▸ **MATERIAL SUPPLIED**:
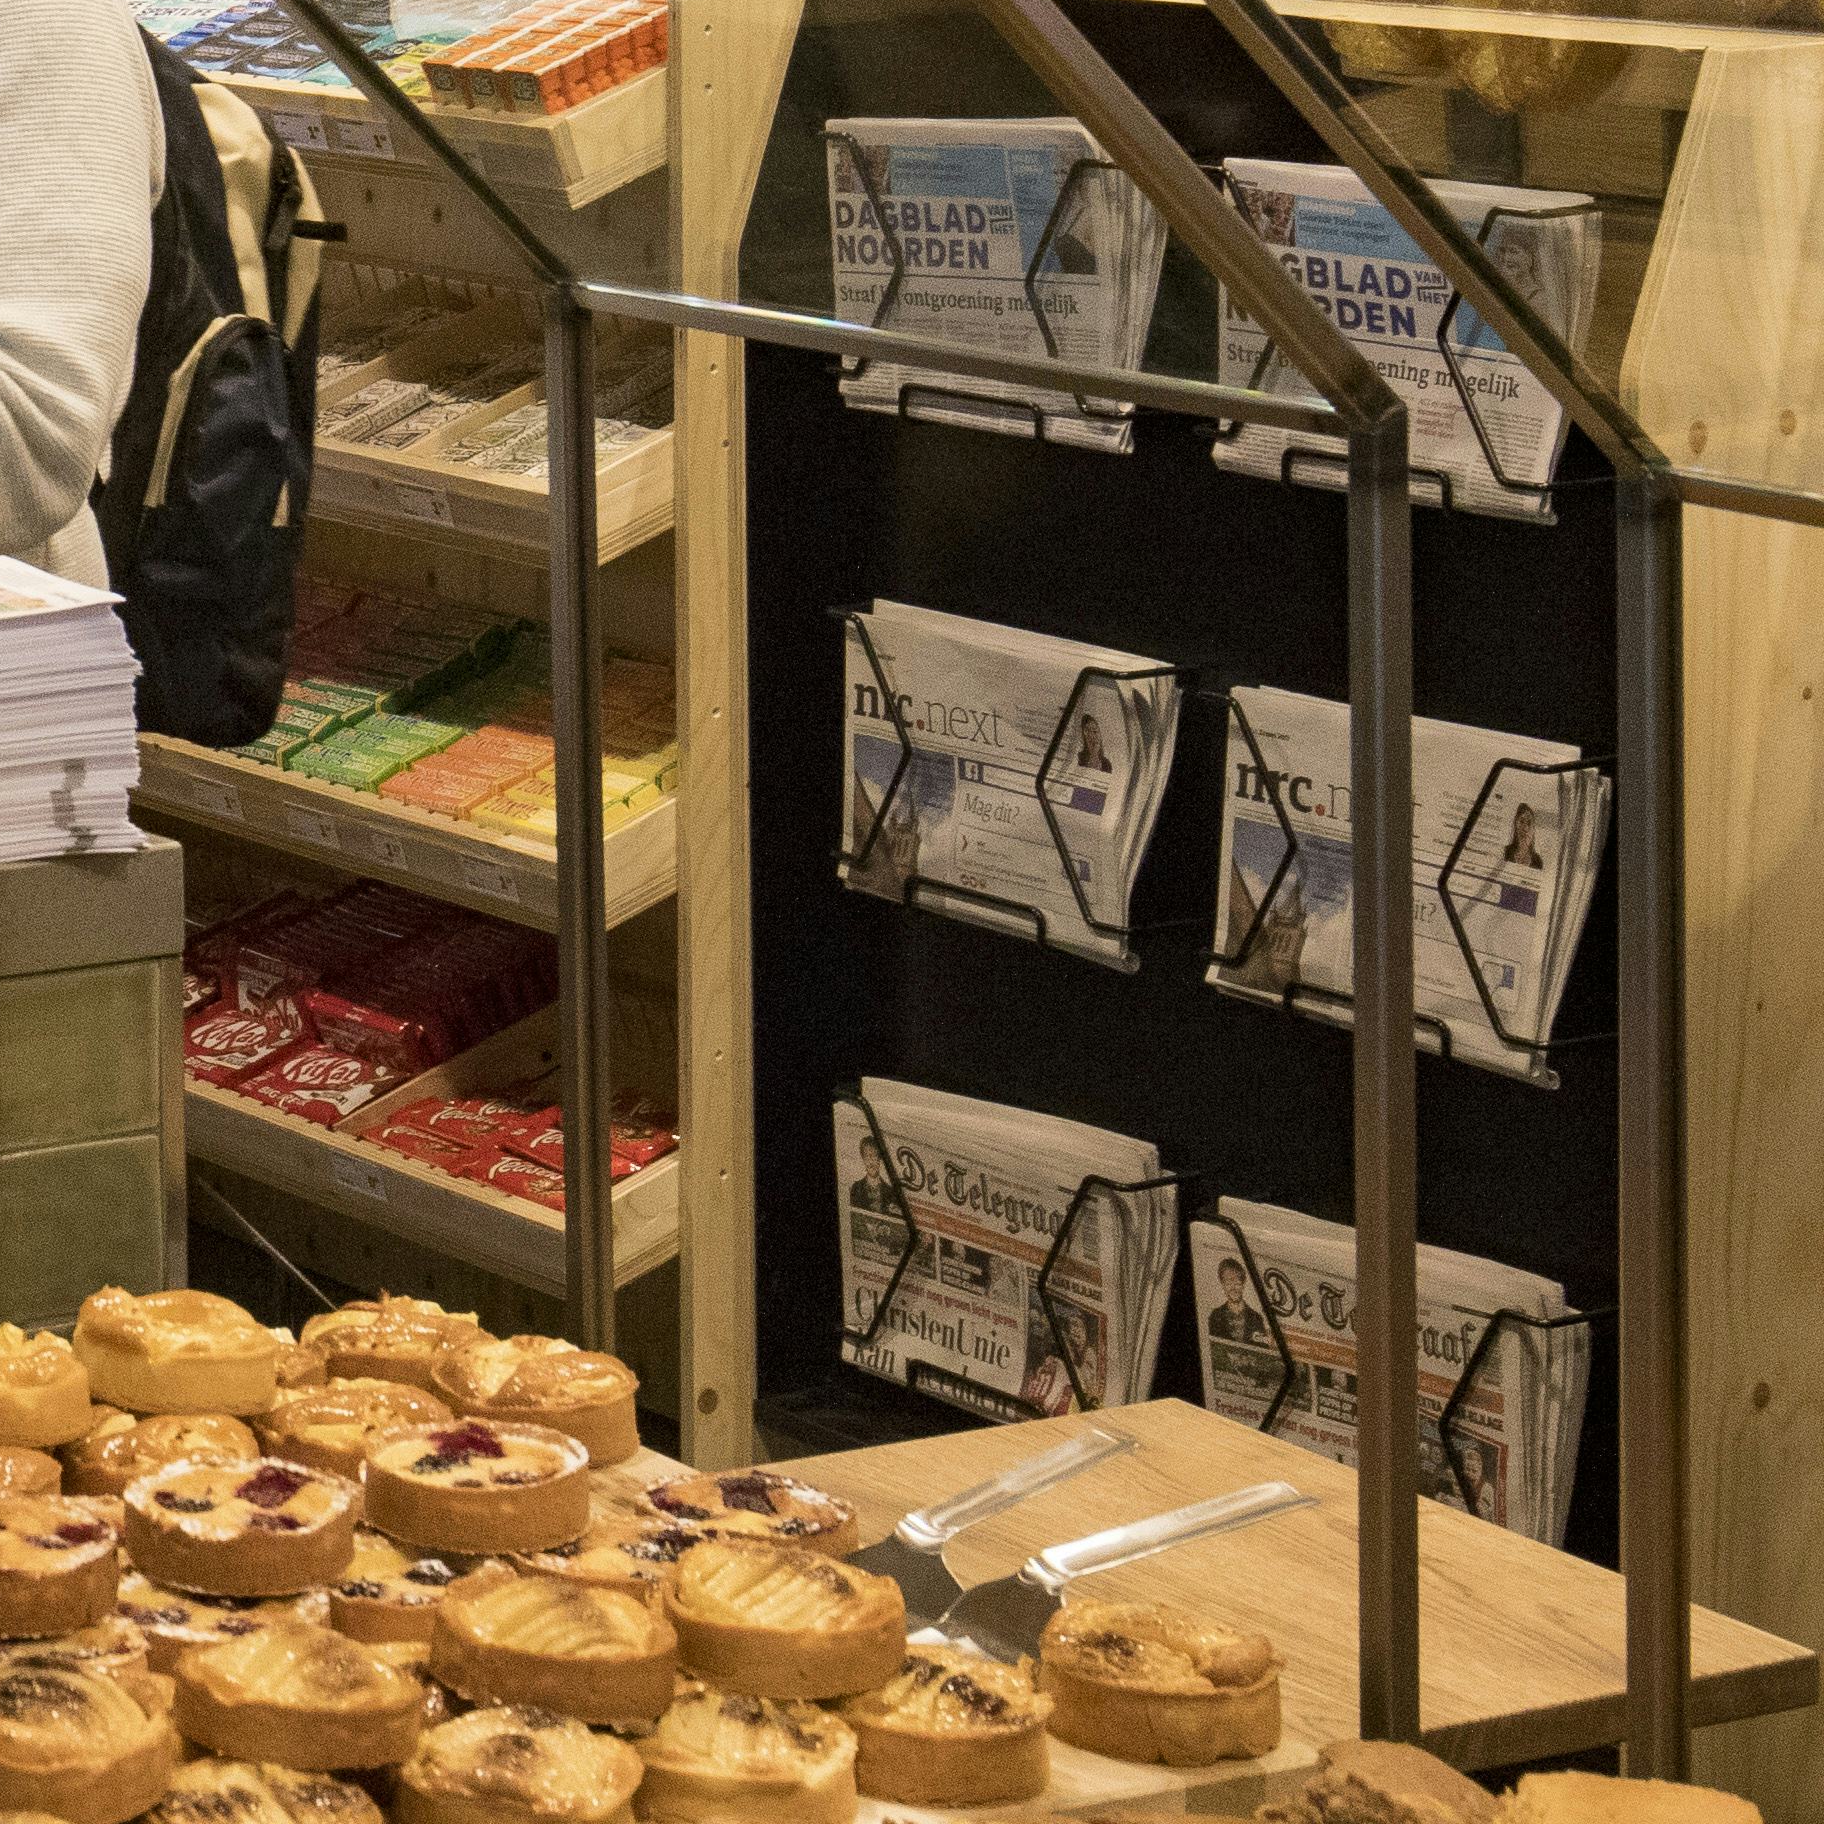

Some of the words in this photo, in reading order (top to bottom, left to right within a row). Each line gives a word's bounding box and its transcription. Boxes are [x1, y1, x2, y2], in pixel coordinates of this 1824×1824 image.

[835, 199, 987, 234] DAGBLAD
[837, 234, 991, 270] NOORDEN
[1279, 252, 1413, 300] GBLAD
[902, 290, 1004, 316] ontgroening
[1434, 367, 1521, 402] mgelijk
[943, 1160, 1067, 1239] Telegraa

▸ **ASSIGNED TASK**: Repeat the listing word for word. Leave images out.

▸ **ANSWER SPACE**:
Some of the words in this photo, in reading order (top to bottom, left to right within a row). Each line gives a word's bounding box and its transcription. Boxes are [x1, y1, x2, y2], in pixel coordinates of this 1824×1824 image.

[835, 199, 987, 234] DAGBLAD
[837, 234, 991, 270] NOORDEN
[1279, 252, 1413, 300] GBLAD
[902, 290, 1004, 316] ontgroening
[1434, 367, 1521, 402] mgelijk
[943, 1160, 1067, 1239] Telegraa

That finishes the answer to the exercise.